== Data listing ==
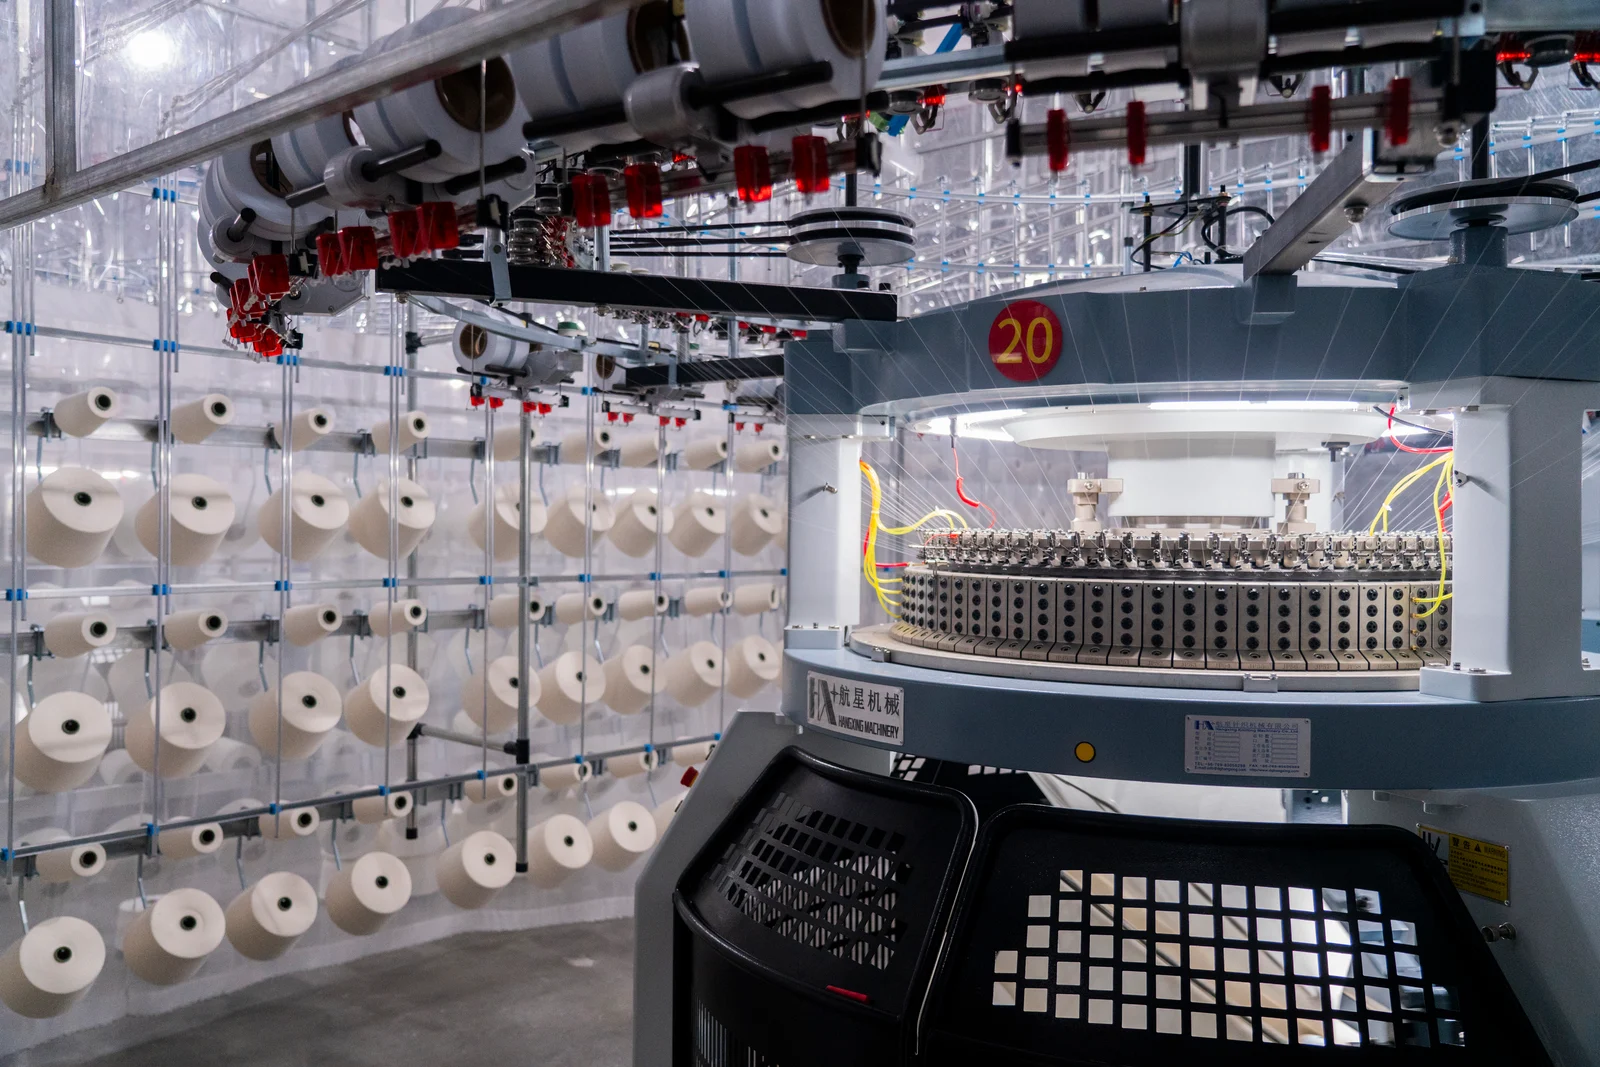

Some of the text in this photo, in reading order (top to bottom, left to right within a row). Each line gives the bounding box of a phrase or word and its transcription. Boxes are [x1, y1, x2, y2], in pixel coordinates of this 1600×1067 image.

[998, 317, 1053, 364] 20
[839, 684, 900, 716] 航星机械
[838, 715, 899, 739] HANGXING MACHINERY
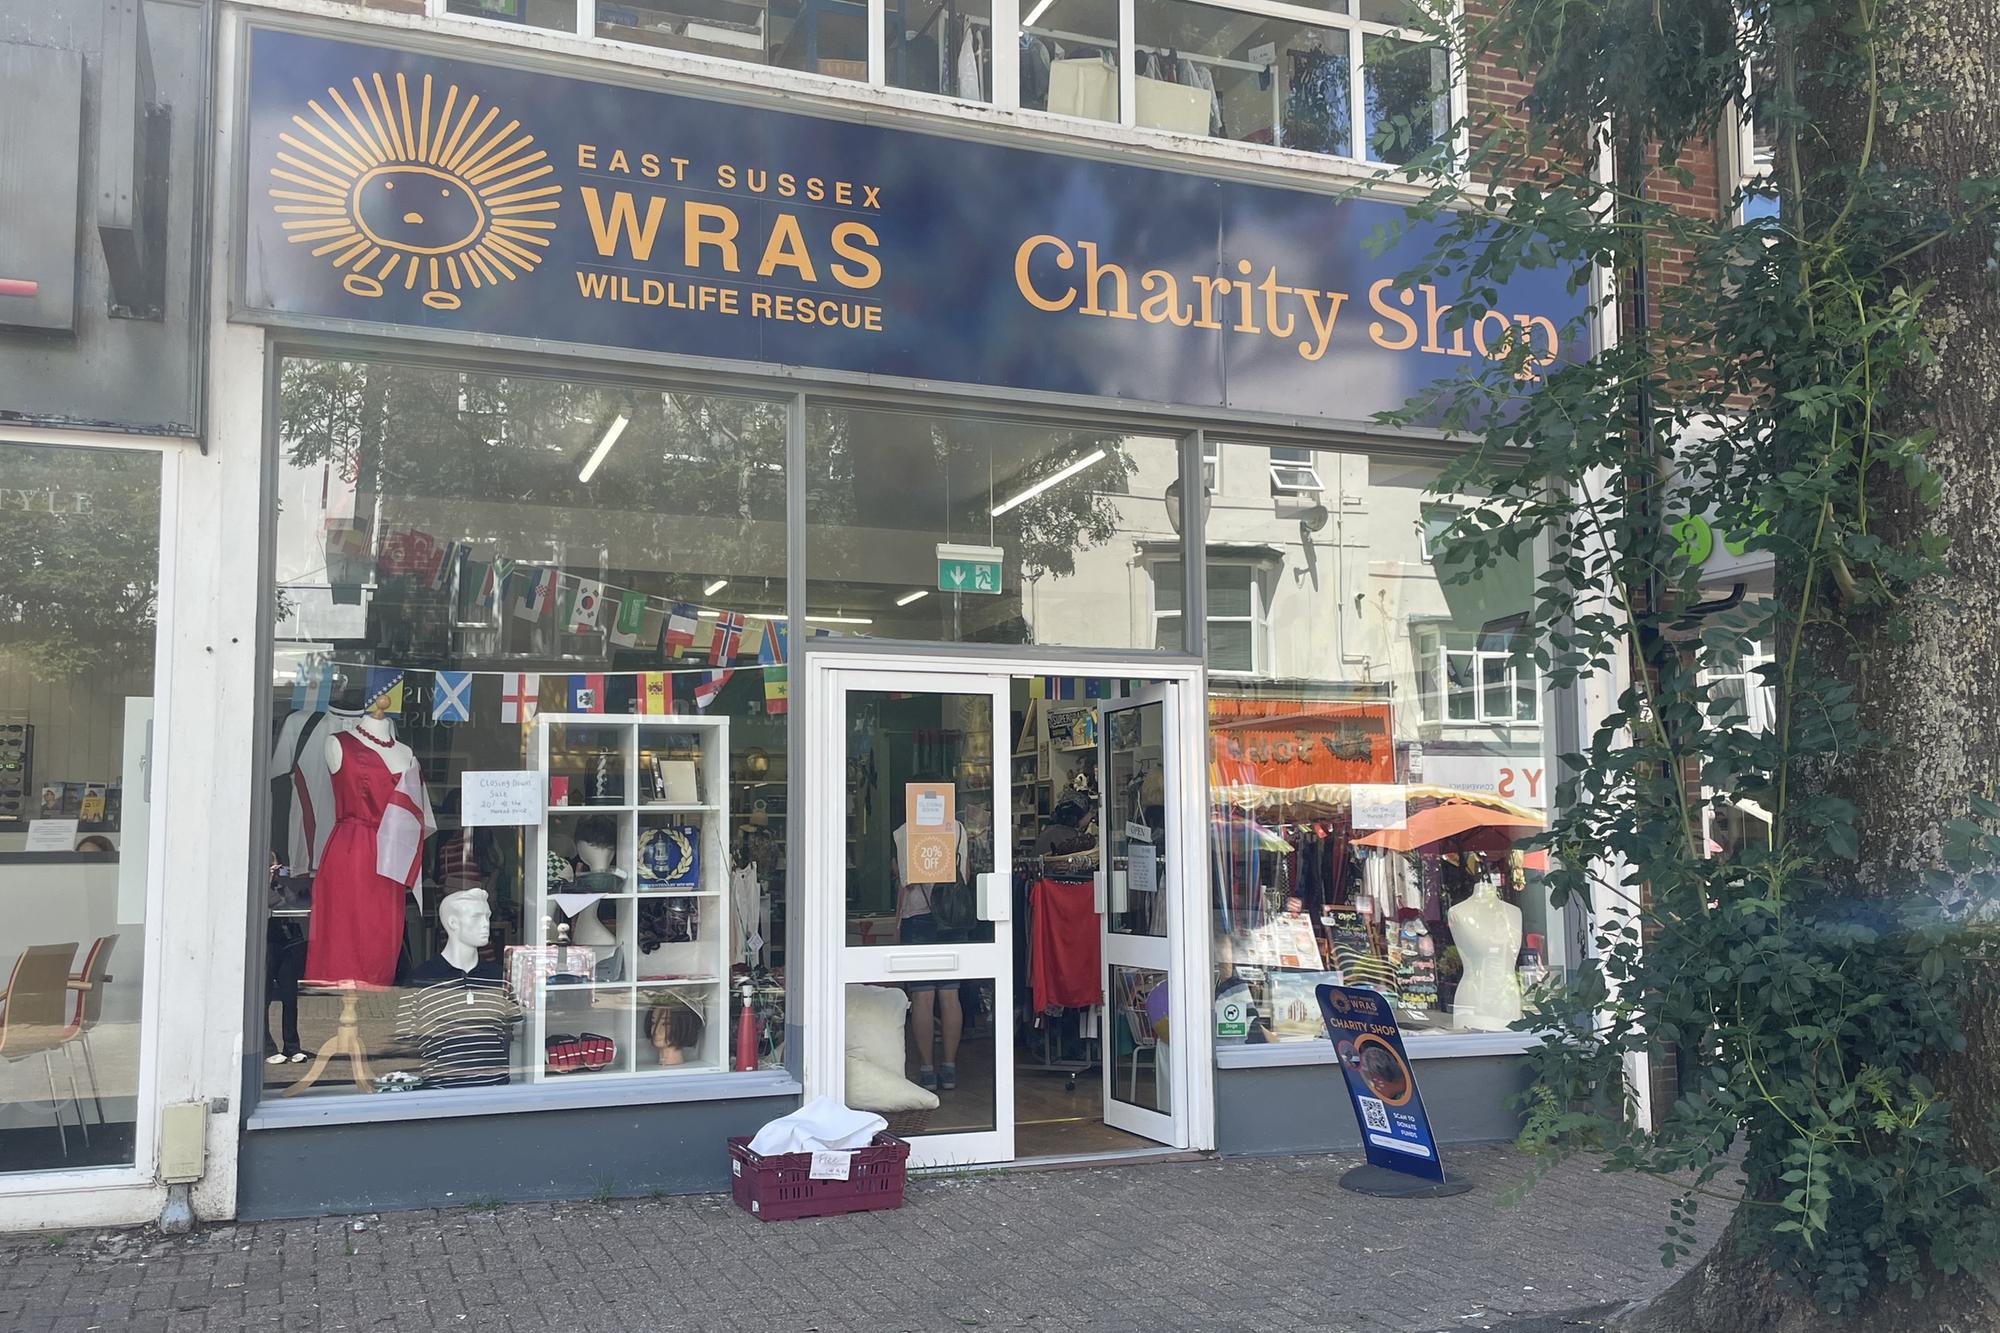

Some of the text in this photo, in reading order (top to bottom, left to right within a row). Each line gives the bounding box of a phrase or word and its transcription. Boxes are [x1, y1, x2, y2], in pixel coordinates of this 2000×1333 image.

[578, 143, 882, 210] EAST SUSSEX
[579, 186, 883, 290] WRAS
[576, 271, 883, 332] WILDLIFE RESCUE
[1014, 234, 1560, 383] Charity Shop
[480, 779, 511, 788] Closing
[1130, 825, 1146, 838] OPEN
[920, 847, 943, 858] 20%
[923, 857, 940, 870] OFF
[1350, 999, 1378, 1012] WRAS
[1330, 1017, 1396, 1037] CHARITY SHOP
[1396, 1121, 1418, 1131] DONATE
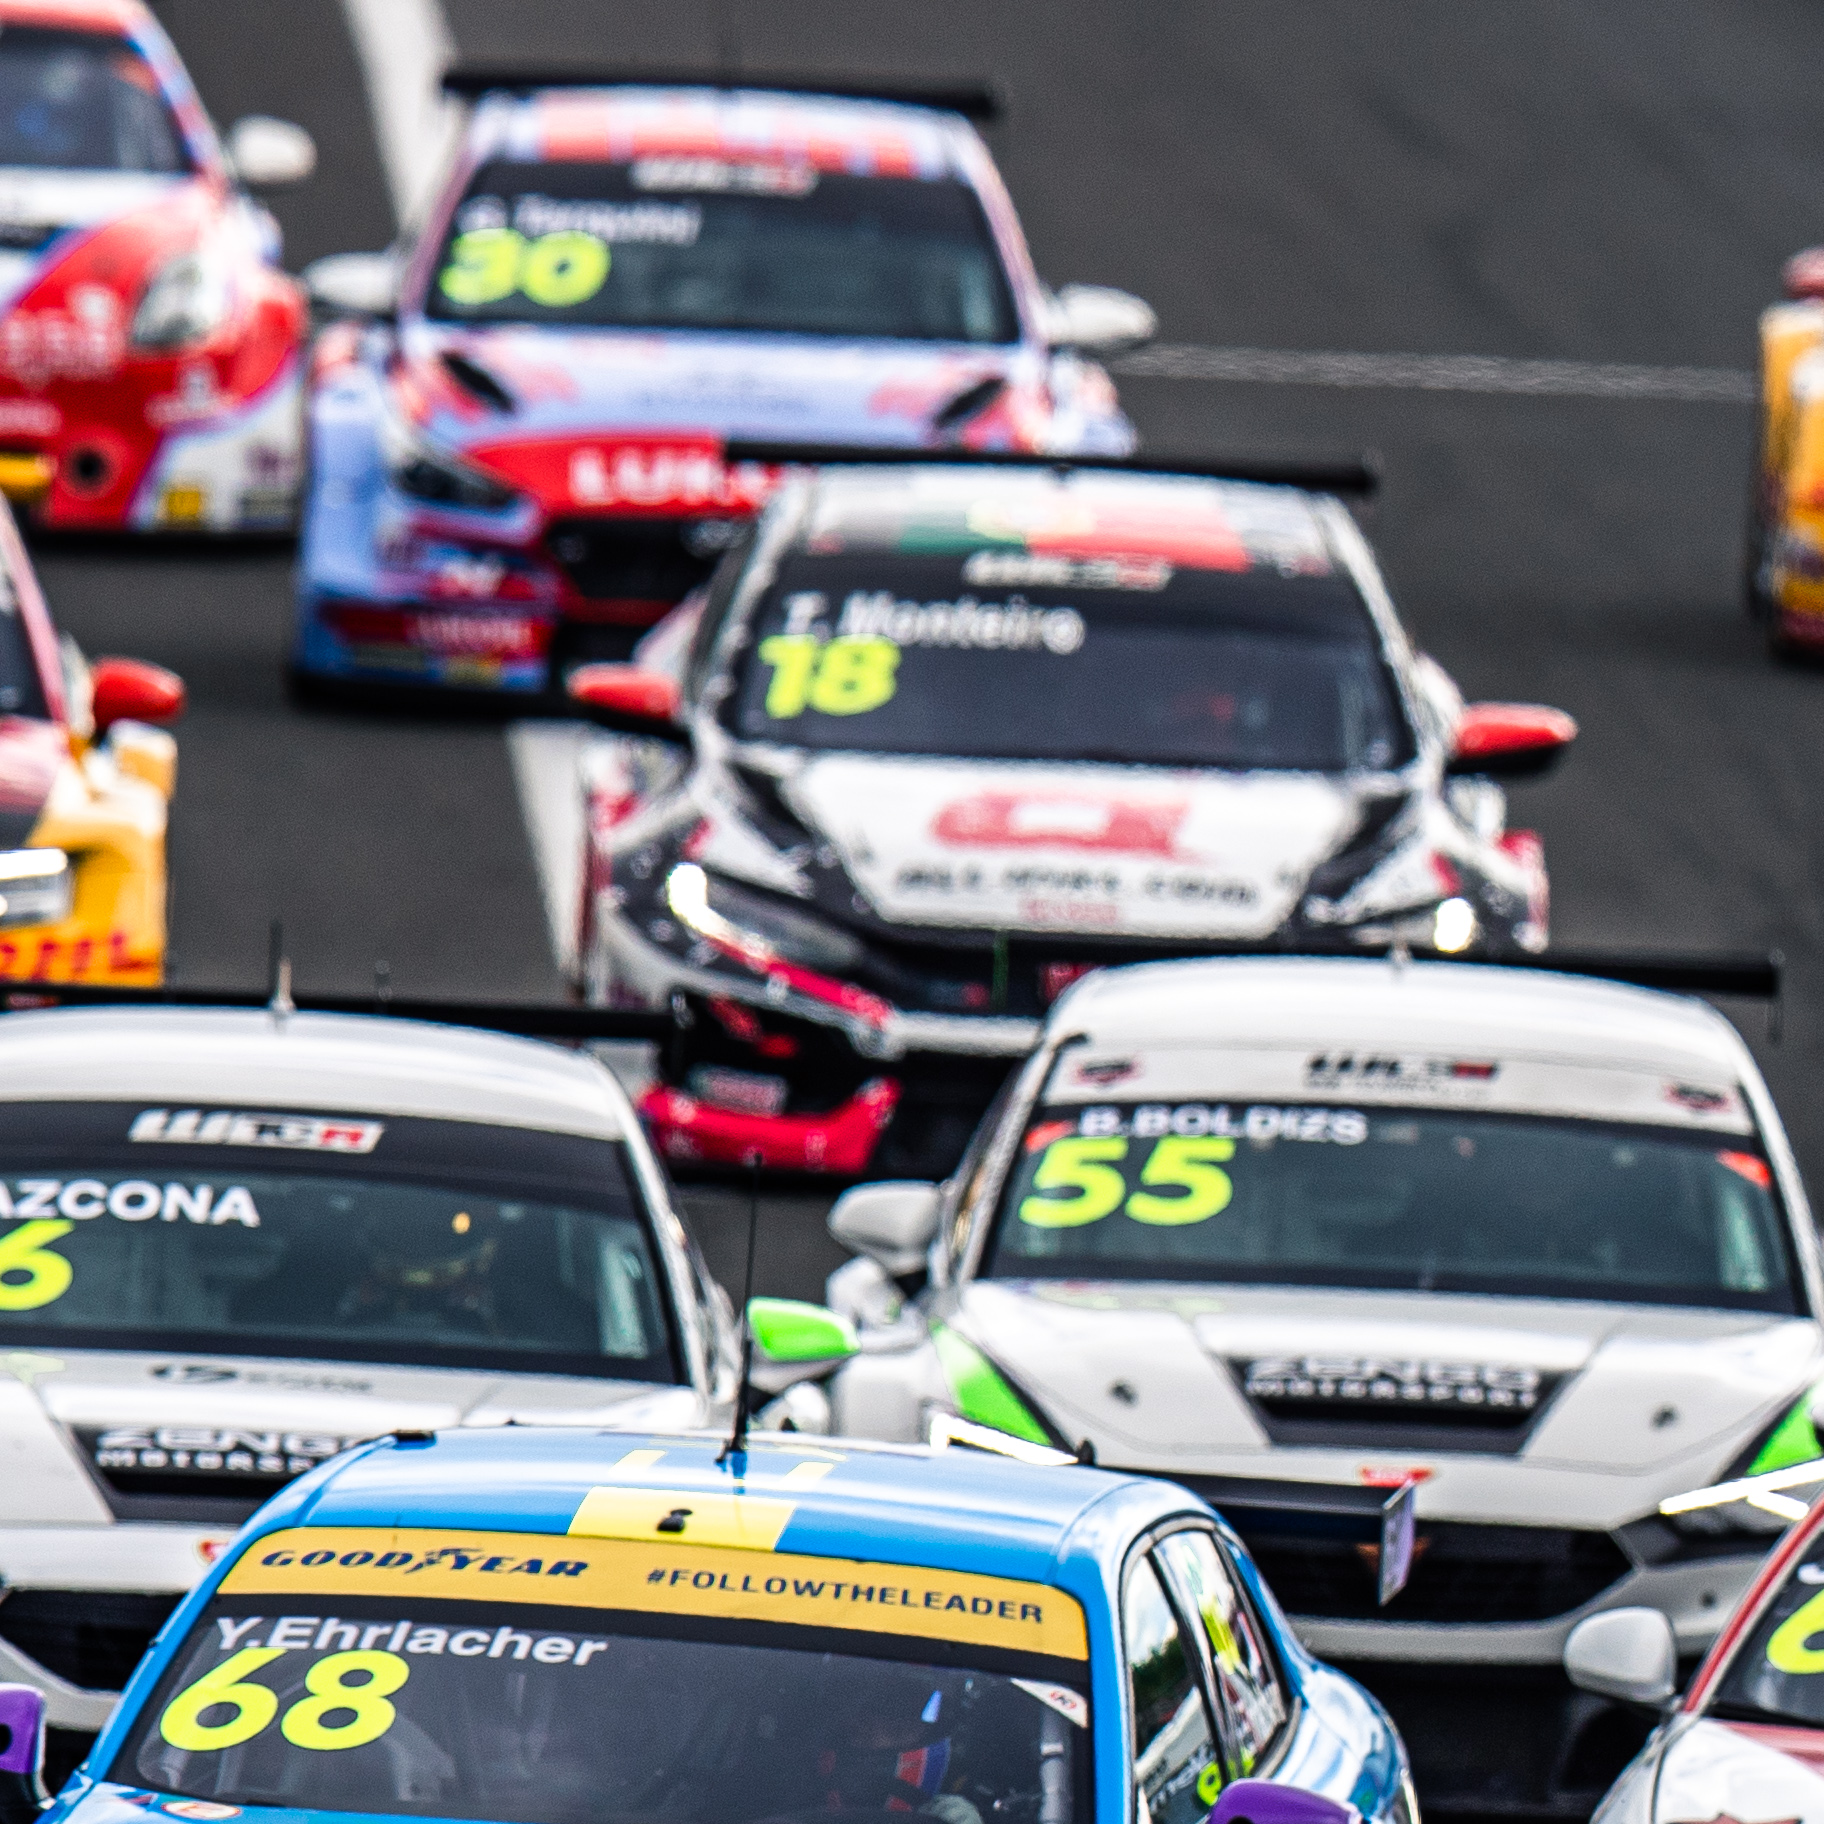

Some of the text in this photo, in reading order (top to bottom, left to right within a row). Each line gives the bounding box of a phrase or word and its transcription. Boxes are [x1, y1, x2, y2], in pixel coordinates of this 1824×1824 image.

[439, 228, 613, 308] 30
[758, 632, 902, 720] 18
[1017, 1136, 1236, 1229] 55
[96, 1427, 362, 1458] ZENG
[260, 1546, 1044, 1626] GOODYEAR #FOLLOWTHELEADER
[215, 1615, 609, 1667] Y.Ehrlacher
[159, 1645, 411, 1752] 68

== Task instructions ==
With the images removed, reproduce all the material above word for word.

== Result of the exercise ==
Some of the text in this photo, in reading order (top to bottom, left to right within a row). Each line gives the bounding box of a phrase or word and its transcription. Boxes are [x1, y1, x2, y2], in pixel coordinates of this 1600×1067 image.

[998, 317, 1053, 364] 20
[839, 684, 900, 716] 航星机械
[838, 715, 899, 739] HANGXING MACHINERY

Some of the text in this photo, in reading order (top to bottom, left to right within a row). Each line gives the bounding box of a phrase or word and its transcription. Boxes are [x1, y1, x2, y2], in pixel coordinates of this 2000×1333 image.

[578, 143, 882, 210] EAST SUSSEX
[579, 186, 883, 290] WRAS
[576, 271, 883, 332] WILDLIFE RESCUE
[1014, 234, 1560, 383] Charity Shop
[480, 779, 511, 788] Closing
[1130, 825, 1146, 838] OPEN
[920, 847, 943, 858] 20%
[923, 857, 940, 870] OFF
[1350, 999, 1378, 1012] WRAS
[1330, 1017, 1396, 1037] CHARITY SHOP
[1396, 1121, 1418, 1131] DONATE

Some of the text in this photo, in reading order (top to bottom, left to right within a row). Each line gives the bounding box of a phrase or word and its transcription. Boxes are [x1, y1, x2, y2], in pixel coordinates of this 1824×1824 image.

[439, 228, 613, 308] 30
[758, 632, 902, 720] 18
[1017, 1136, 1236, 1229] 55
[96, 1427, 362, 1458] ZENG
[260, 1546, 1044, 1626] GOODYEAR #FOLLOWTHELEADER
[215, 1615, 609, 1667] Y.Ehrlacher
[159, 1645, 411, 1752] 68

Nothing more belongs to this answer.